Я видел отгороженные перилами площадки, которые вполне могли бы быть притворами. Стены здесь были украшены орнаментом и лепниной, которые казались весьма древними. Но где же мои преследователи? Я снова оглянулся, полагая, что они вот-вот ворвутся сквозь огромные темные двери. Этого почему-то не произошло. Ведь не может быть, чтобы они оба упали, или как? Внезапно один заглянул в дверь и тут же убрал голову с видом провинившегося школьника. Похоже, им сюда входить не разрешается. Тем лучше, к тому же здесь вполне может иметься подходящая задняя дверь.

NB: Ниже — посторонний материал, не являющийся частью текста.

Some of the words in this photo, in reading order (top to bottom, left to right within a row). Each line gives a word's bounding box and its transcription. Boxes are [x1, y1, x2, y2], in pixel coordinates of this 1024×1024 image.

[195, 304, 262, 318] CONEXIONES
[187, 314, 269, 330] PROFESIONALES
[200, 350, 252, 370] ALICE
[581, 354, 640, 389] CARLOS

Но когда я добрался до арки, я остановился как вкопанный, на мгновение позабыв и о погоне, и об усталости, и о жажде – обо всем. Так на меня подействовало место, в котором я оказался. Оно было похоже на церковь, но в то же время это была не церковь. Здесь было просторно. Мне приходилось бывать внутри собора Святой Софии, но здесь было еще больше простора и пустоты. Огромный темный овал комнаты был окружен узкой колоннадой, под которой я сейчас стоял. Внизу, на уровне пола, все тонуло в голубоватой печали, которую оживлял только слабый отблеск глазурованных настенных изразцов. Но высоко в стенах были огромные окна, и через них проникал свет. Длинные лучи скользили вниз и венчали парящие в воздухе пылинки ореолами, то прозрачными, то совершенно восхитительных оттенков. Представьте себя церковной мышью, настоящей мышью, выглядывающей из норки. Вот таким «большим» я себя здесь и ощущал.

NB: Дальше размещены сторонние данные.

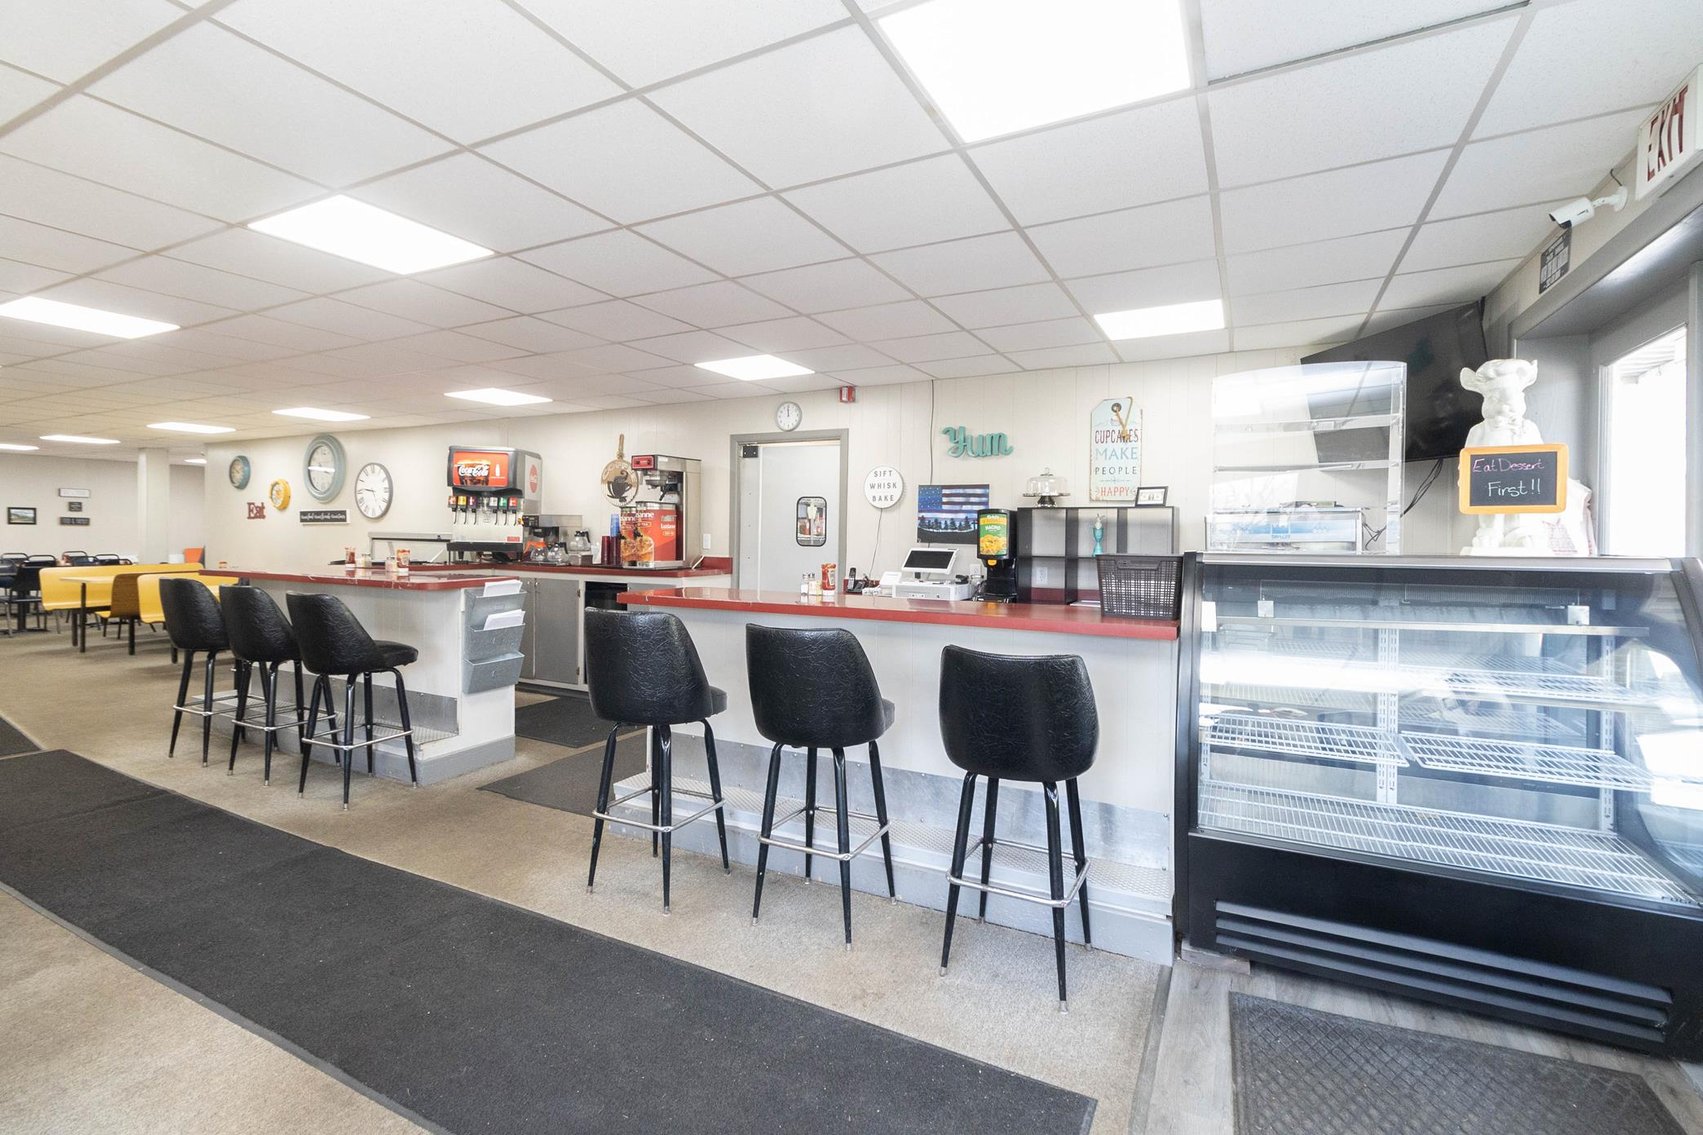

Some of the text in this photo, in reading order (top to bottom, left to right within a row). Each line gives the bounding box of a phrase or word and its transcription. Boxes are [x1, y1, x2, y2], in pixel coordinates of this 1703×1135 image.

[1646, 84, 1688, 182] EXIT
[942, 425, 1014, 458] Yum
[1095, 447, 1138, 461] MAKE
[1094, 466, 1137, 475] PEOPLE
[1472, 458, 1544, 472] Eat Dessert
[873, 470, 893, 478] SIFT
[869, 482, 898, 490] WHISK
[1100, 486, 1130, 497] HAPPY
[872, 494, 895, 502] BAKE
[247, 502, 266, 519] Eat

Но дело было не только в размерах. В СССР строили все гигантской величины – например, Кремлевский дворец, – но это только подчеркивало, каким маленьким был человек, находившийся внутри подобного здания. Тут же возникало ощущение, что строение это воздвигнуто для чего-то более высокого, чем люди, и что это «что-то» присутствует здесь. В его природе было нечто божественное, внушающее священный трепет, то, что мне доводилось испытывать в разных местах, как в Сердцевине, так и на Спирали, – у англосаксонских курганов, во дворце в Микенах, у Борободура и у подножия Великих Пирамид. Но здесь это чувство было сильнее. Надо всем тут висела пыльная завеса тишины, хотя это была всего лишь тишина покоя, а не пустота. Но даже покой, казалось, наблюдал за находящимся внутри. Глаза мои постоянно следили за тенями, привлеченные иллюзией быстрого движения, но никогда ничего не находили.

Я не мог понять назначение этого места. Никакого алтаря здесь, конечно, не было. Ни намека на сиденья, никаких украшений или хотя бы надписей, которые можно обнаружить даже в лишенных украшений мечетях. Здесь вообще не было практически ничего, что указывало бы на использование этого места человеком. И все же, когда мои глаза привыкли к темноте, я различил очертания других дверей у дальней стены под колоннадами. Это выглядело многообещающе. А выше на стенах были своего рода орнаменты – но, вероятнее всего, фрески – тусклые пятна мрачных цветов, тонущие в тени. Пол тоже оказался не таким уж голым – он был покрыт мозаикой. Я вспомнил о комнате Луща, и мне стало не по себе; но этот рисунок выглядел исключительно декоративным – стилизованный пучок солнечных лучей или роза ветров, которая притягивала взгляд внутрь, к центру зала. Там, прямо в огромном снопе света, все же что-то стояло – низкое и бесформенное. Это была единственная вещь, выделявшаяся во всей этой огромной пустоте. Я сделал осторожный шаг вперед, и он грохотом отозвался под сводами собора: эхо, эхо, эхо, эхо…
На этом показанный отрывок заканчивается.